* _TO DO_
In the entries below, find the line containing "this 1600×1066 image.", then copy it and every later line exactly, ending with the last line.

---------- EXERCISE DATA ----------

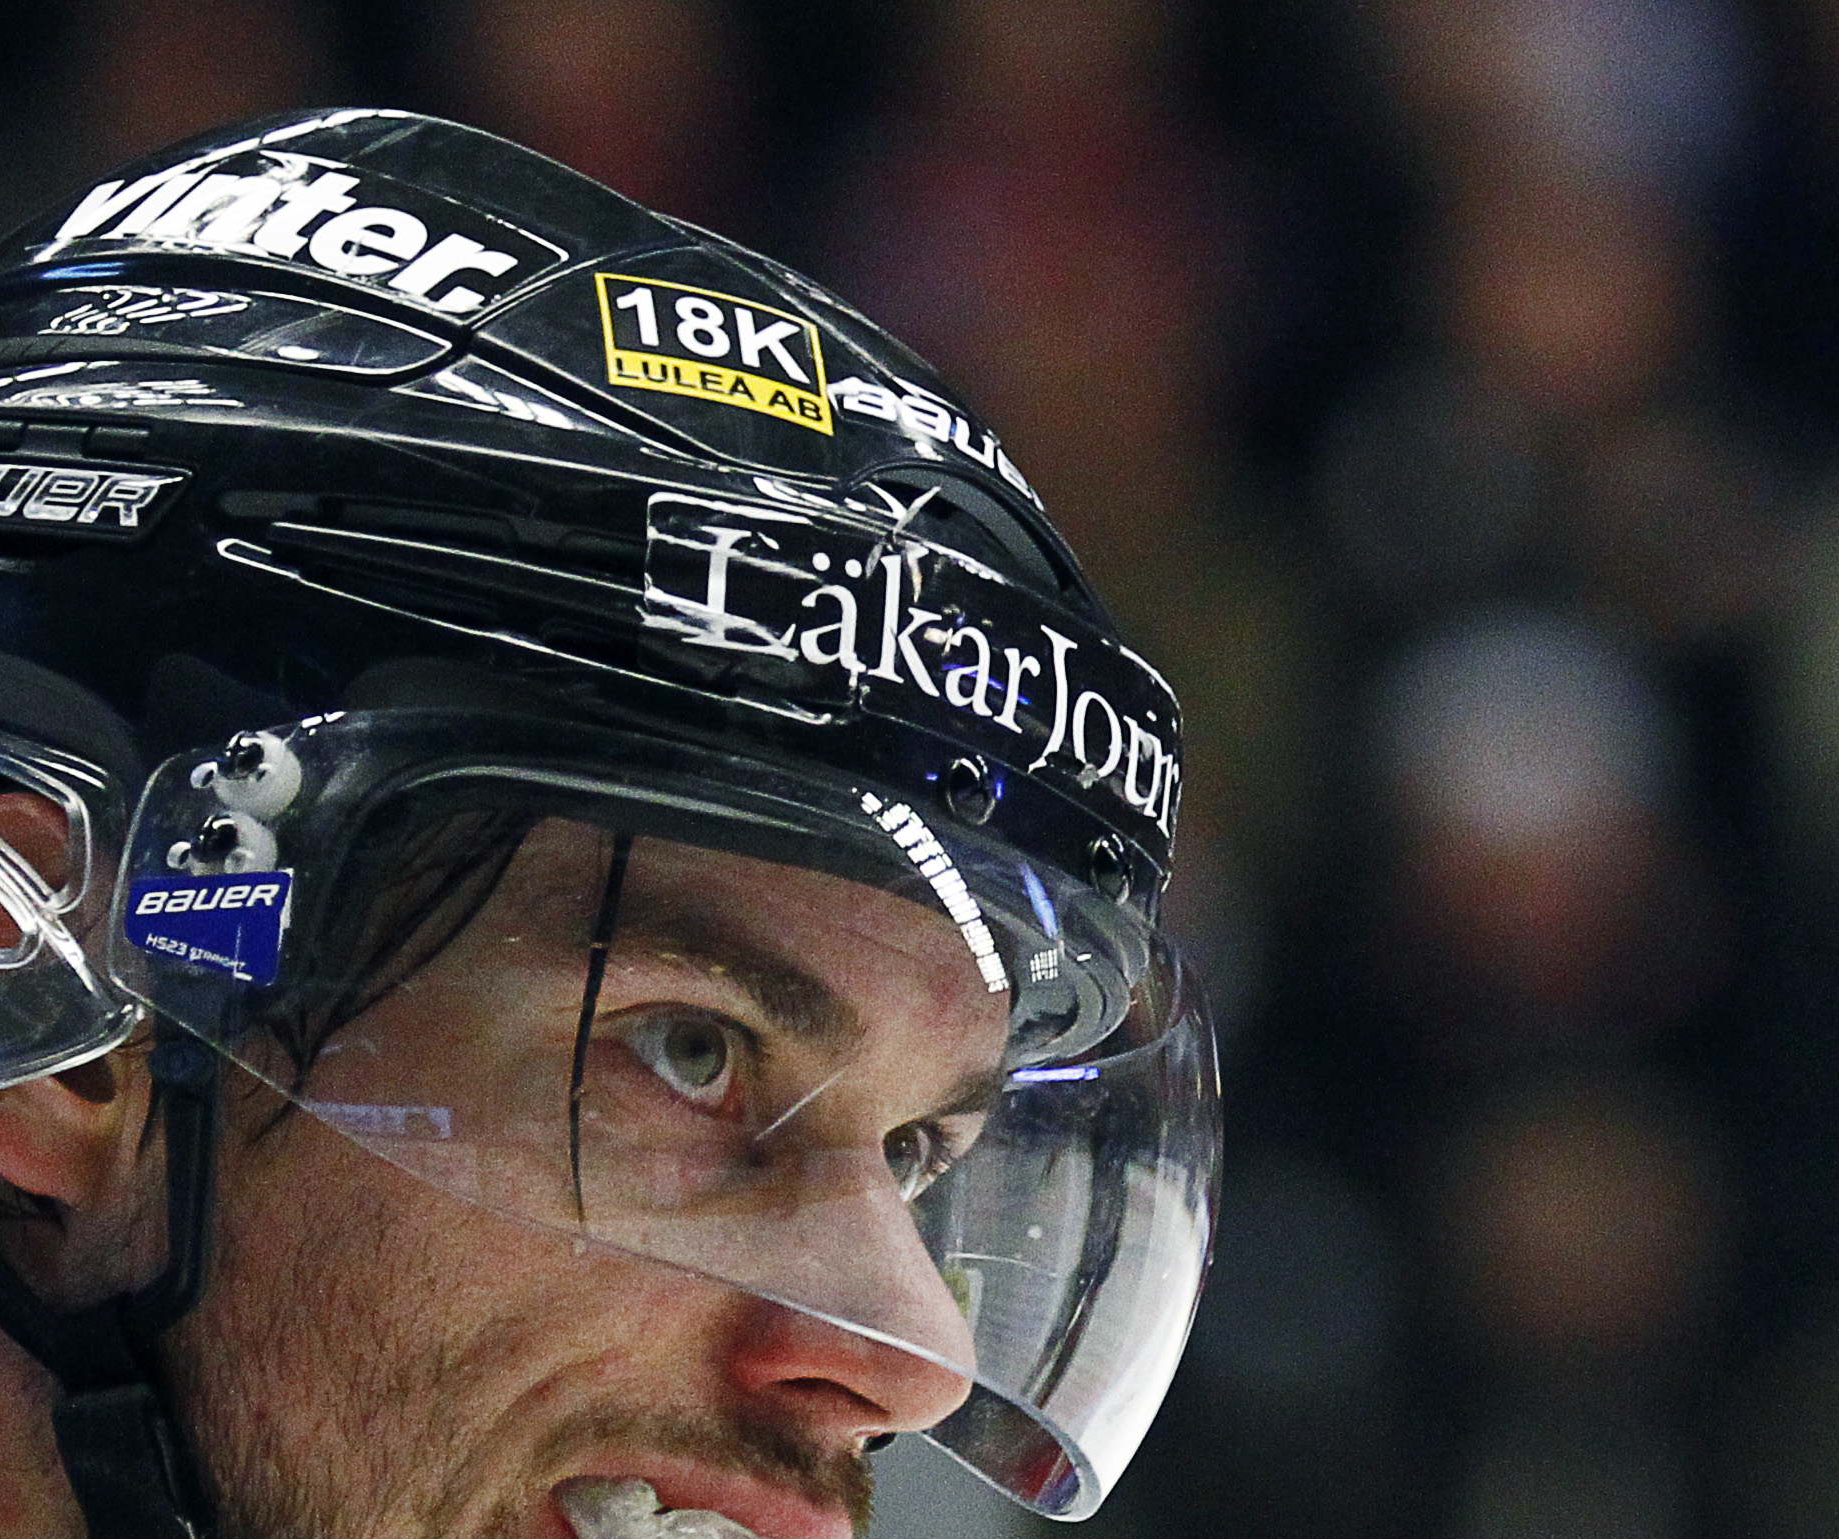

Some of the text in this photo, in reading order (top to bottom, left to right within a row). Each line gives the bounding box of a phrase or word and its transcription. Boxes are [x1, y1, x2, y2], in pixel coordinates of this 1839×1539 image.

[616, 286, 811, 385] 18K
[616, 356, 824, 422] LULEA AB
[843, 380, 1045, 512] BAUE
[135, 883, 281, 915] BAUER
[145, 933, 188, 956] HS23
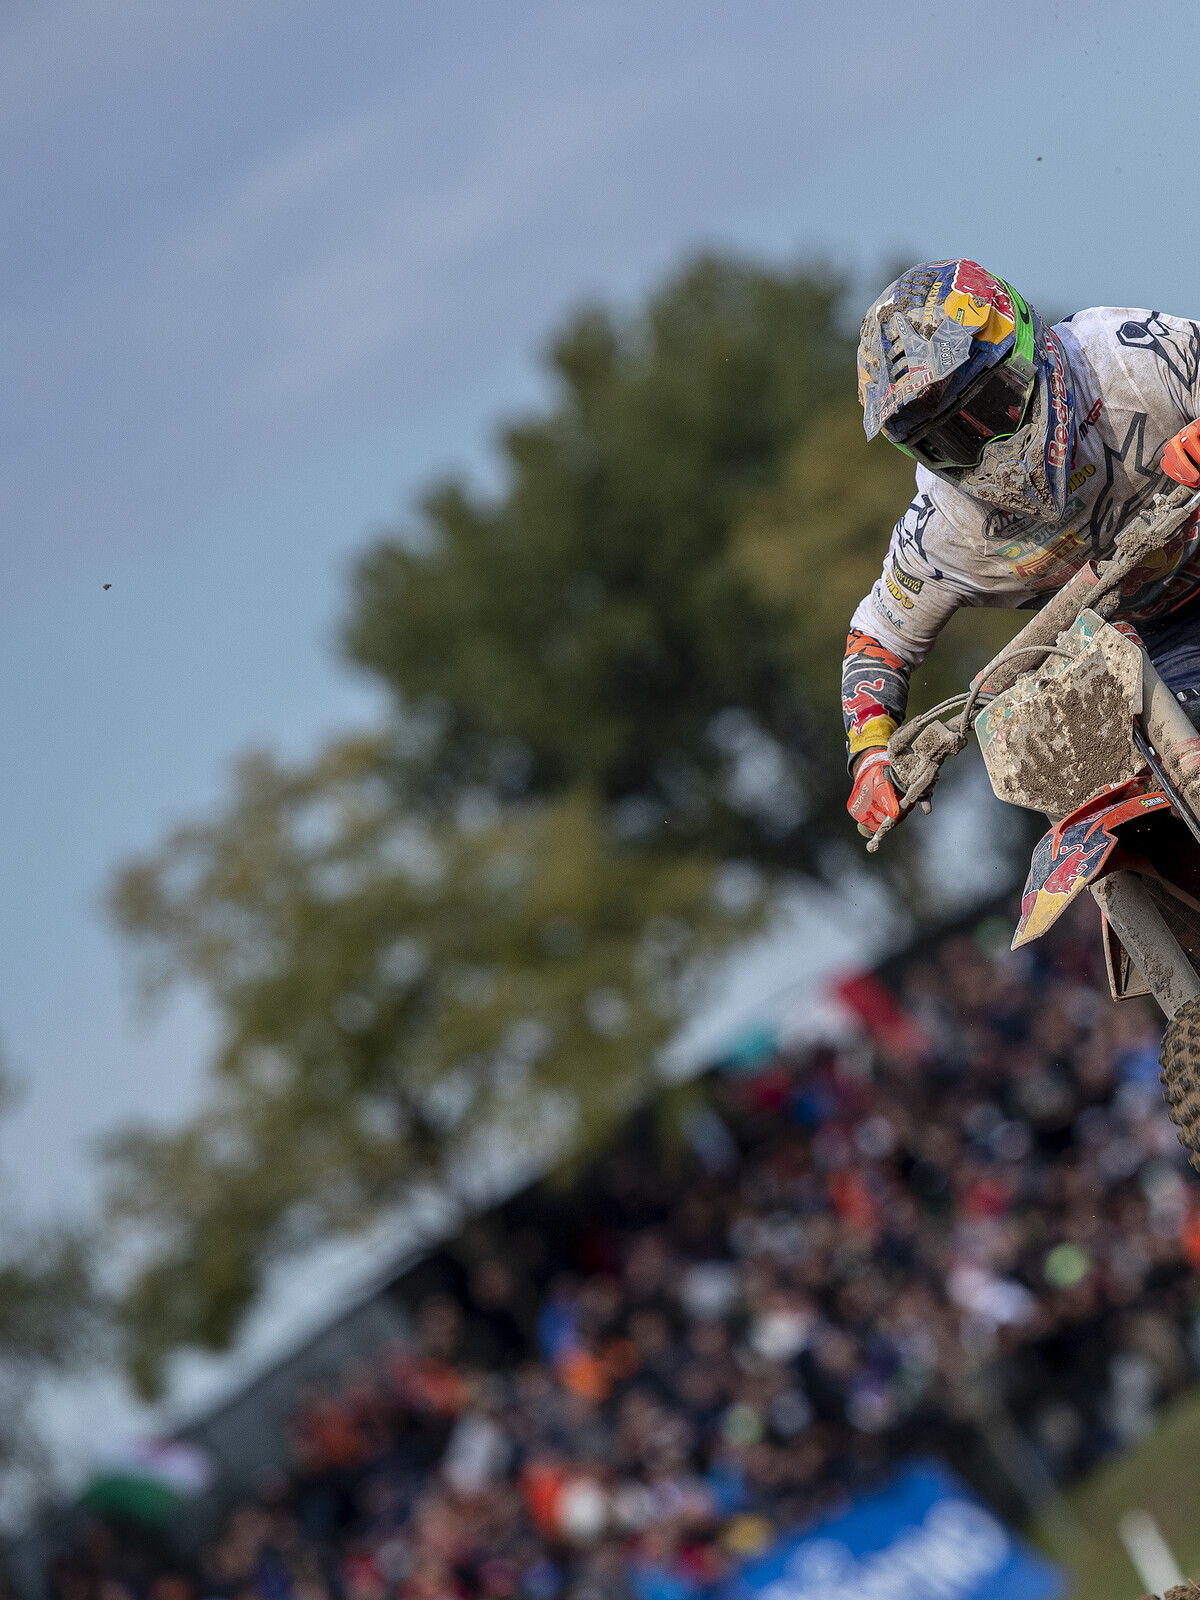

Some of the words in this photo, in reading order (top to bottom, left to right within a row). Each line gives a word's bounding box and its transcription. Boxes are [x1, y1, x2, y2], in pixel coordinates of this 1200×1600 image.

[902, 371, 934, 397] Bull
[1048, 400, 1069, 469] Red
[1078, 398, 1104, 441] MXGP
[1015, 533, 1079, 577] PIRELLI
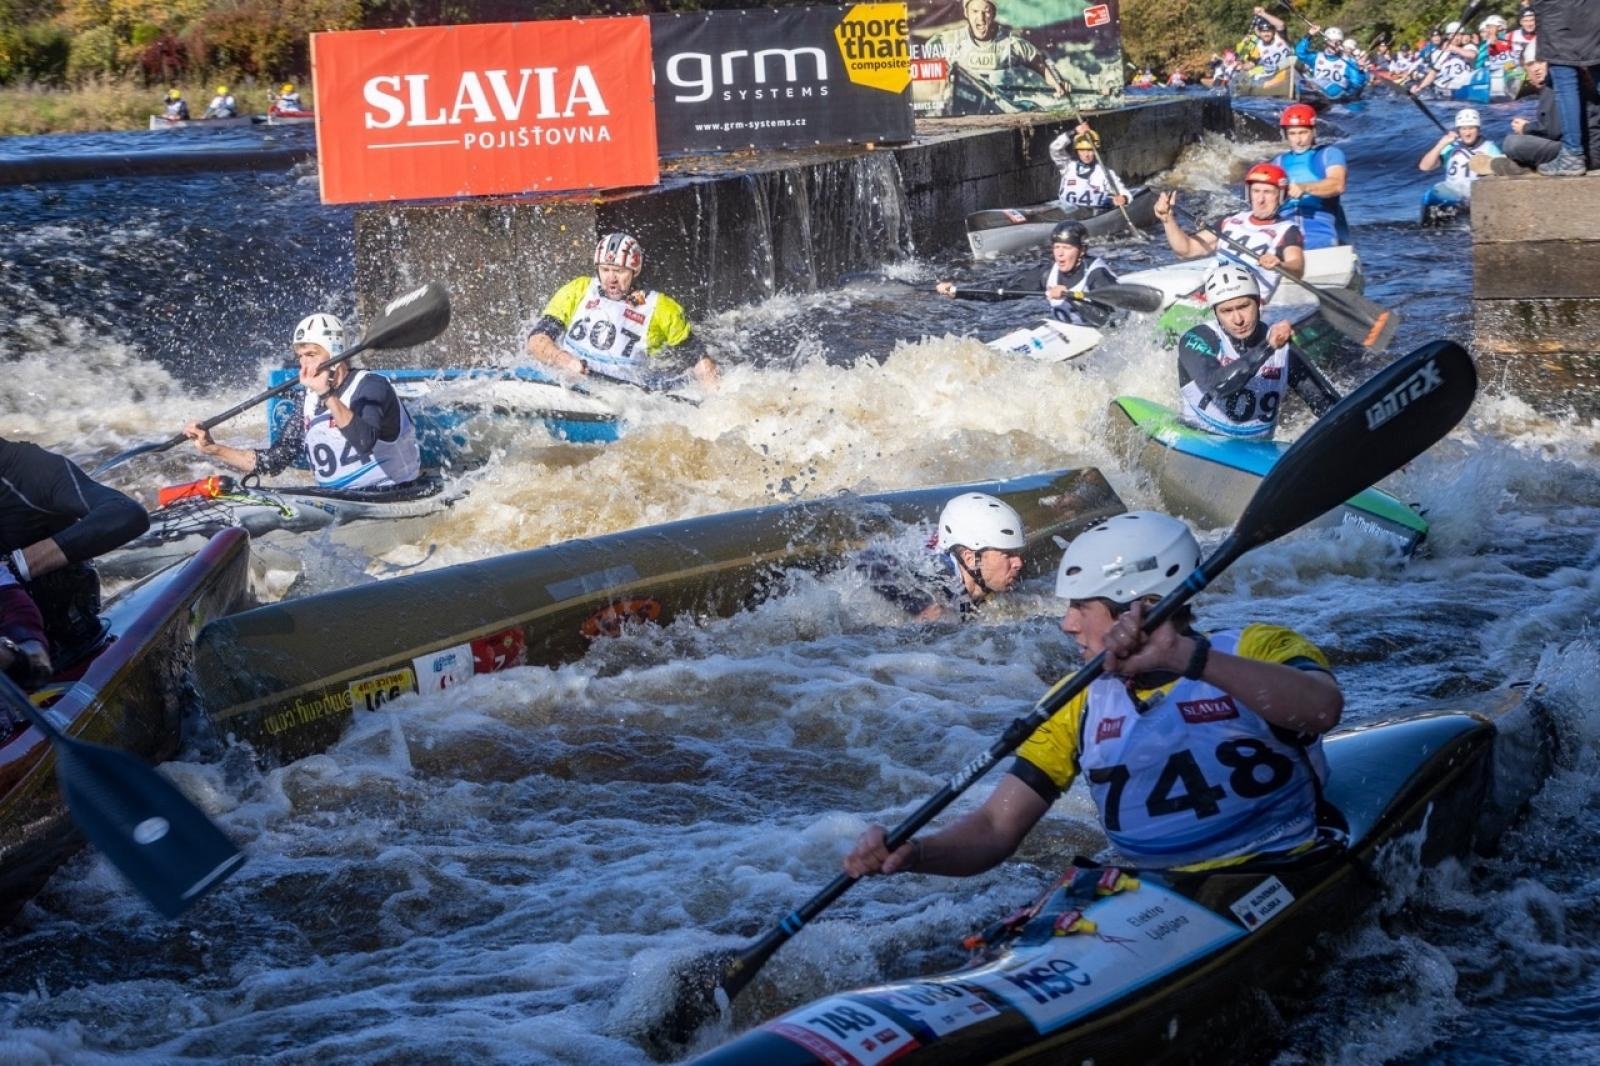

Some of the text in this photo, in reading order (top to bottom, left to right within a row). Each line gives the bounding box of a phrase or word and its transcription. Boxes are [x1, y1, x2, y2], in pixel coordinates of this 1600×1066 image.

[841, 19, 909, 38] more
[844, 36, 911, 60] than
[666, 47, 828, 103] grm
[920, 62, 942, 78] WIN
[363, 65, 610, 129] SLAVIA
[723, 86, 829, 101] SYSTEMS
[695, 118, 806, 132] www.grm-systems.cz
[464, 125, 611, 150] POJIŠŤOVNA
[1448, 161, 1470, 177] 61
[1066, 190, 1104, 206] 647
[568, 317, 642, 358] 607
[1182, 700, 1231, 716] SLAVIA
[1089, 738, 1294, 831] 748
[1127, 904, 1165, 928] Elektro
[1145, 914, 1190, 941] Ljubljana
[806, 1005, 877, 1040] 748

----------

* _OUTPUT_
Some of the text in this photo, in reading order (top to bottom, left to right within a row). Each line gives the bounding box of a phrase or word and its transcription. Boxes are [x1, y1, x2, y2], in pixel coordinates of this 1600×1066 image.

[841, 19, 909, 38] more
[844, 36, 911, 60] than
[666, 47, 828, 103] grm
[920, 62, 942, 78] WIN
[363, 65, 610, 129] SLAVIA
[723, 86, 829, 101] SYSTEMS
[695, 118, 806, 132] www.grm-systems.cz
[464, 125, 611, 150] POJIŠŤOVNA
[1448, 161, 1470, 177] 61
[1066, 190, 1104, 206] 647
[568, 317, 642, 358] 607
[1182, 700, 1231, 716] SLAVIA
[1089, 738, 1294, 831] 748
[1127, 904, 1165, 928] Elektro
[1145, 914, 1190, 941] Ljubljana
[806, 1005, 877, 1040] 748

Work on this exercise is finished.